Recorded data:
****************

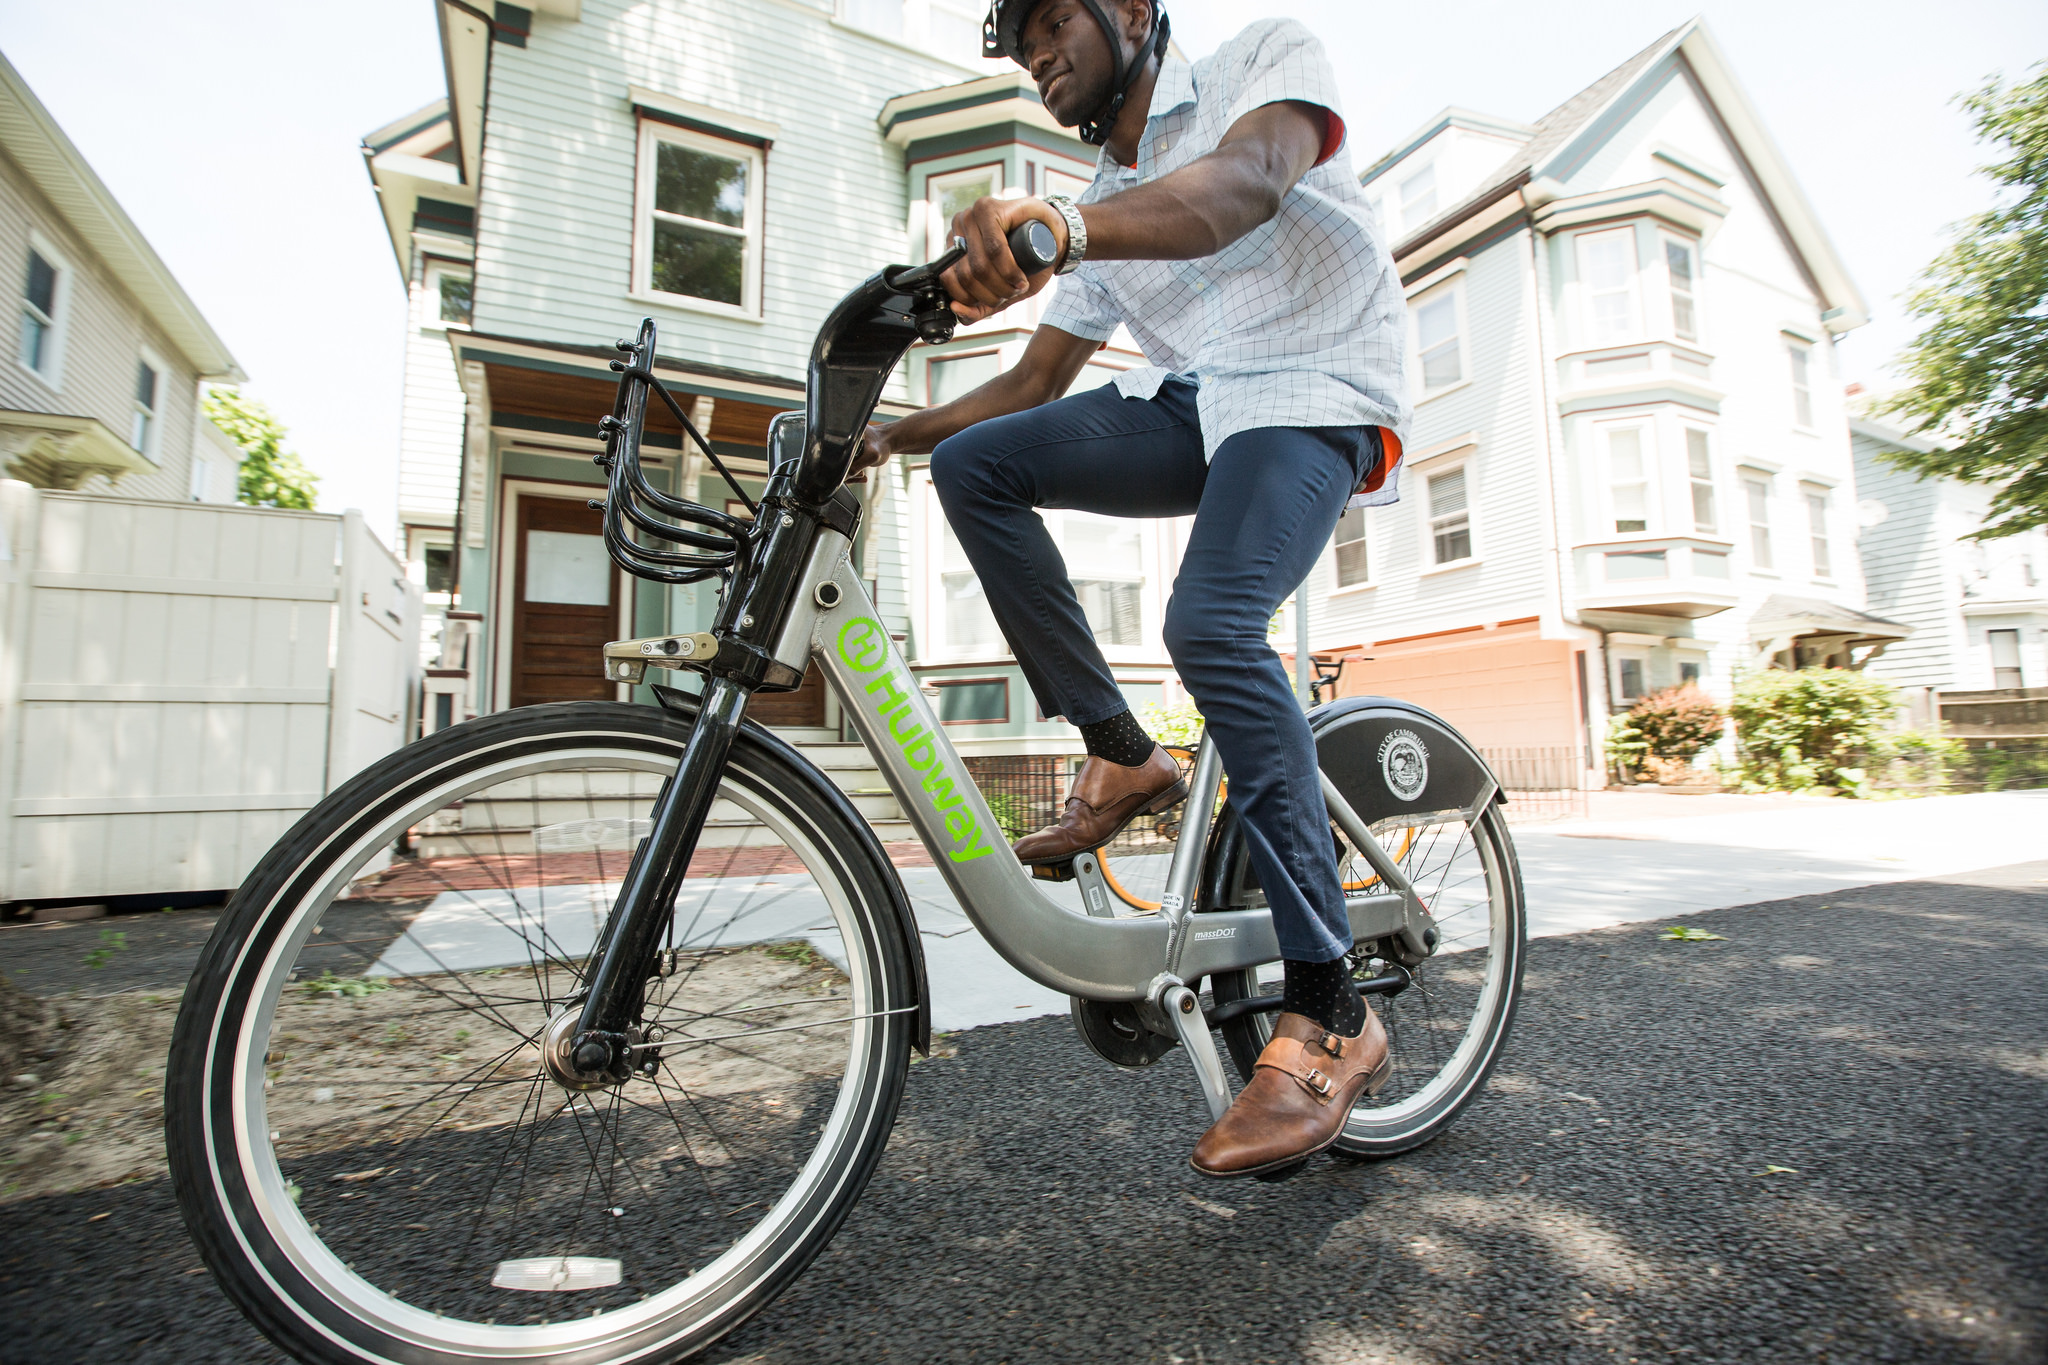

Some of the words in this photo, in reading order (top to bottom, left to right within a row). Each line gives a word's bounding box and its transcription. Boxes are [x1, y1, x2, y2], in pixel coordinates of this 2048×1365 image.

[1377, 740, 1387, 763] CITY
[1384, 733, 1394, 743] OF
[1394, 729, 1430, 759] CAMBRIDGE
[865, 668, 994, 863] Hubway
[1195, 928, 1236, 939] massDOT

****************

ABOUT THIS EXERCISE
Print each record exactly as it stands, skipping the pictures.

ANSWER
Some of the words in this photo, in reading order (top to bottom, left to right within a row). Each line gives a word's bounding box and its transcription. Boxes are [x1, y1, x2, y2], in pixel coordinates of this 2048×1365 image.

[1377, 740, 1387, 763] CITY
[1384, 733, 1394, 743] OF
[1394, 729, 1430, 759] CAMBRIDGE
[865, 668, 994, 863] Hubway
[1195, 928, 1236, 939] massDOT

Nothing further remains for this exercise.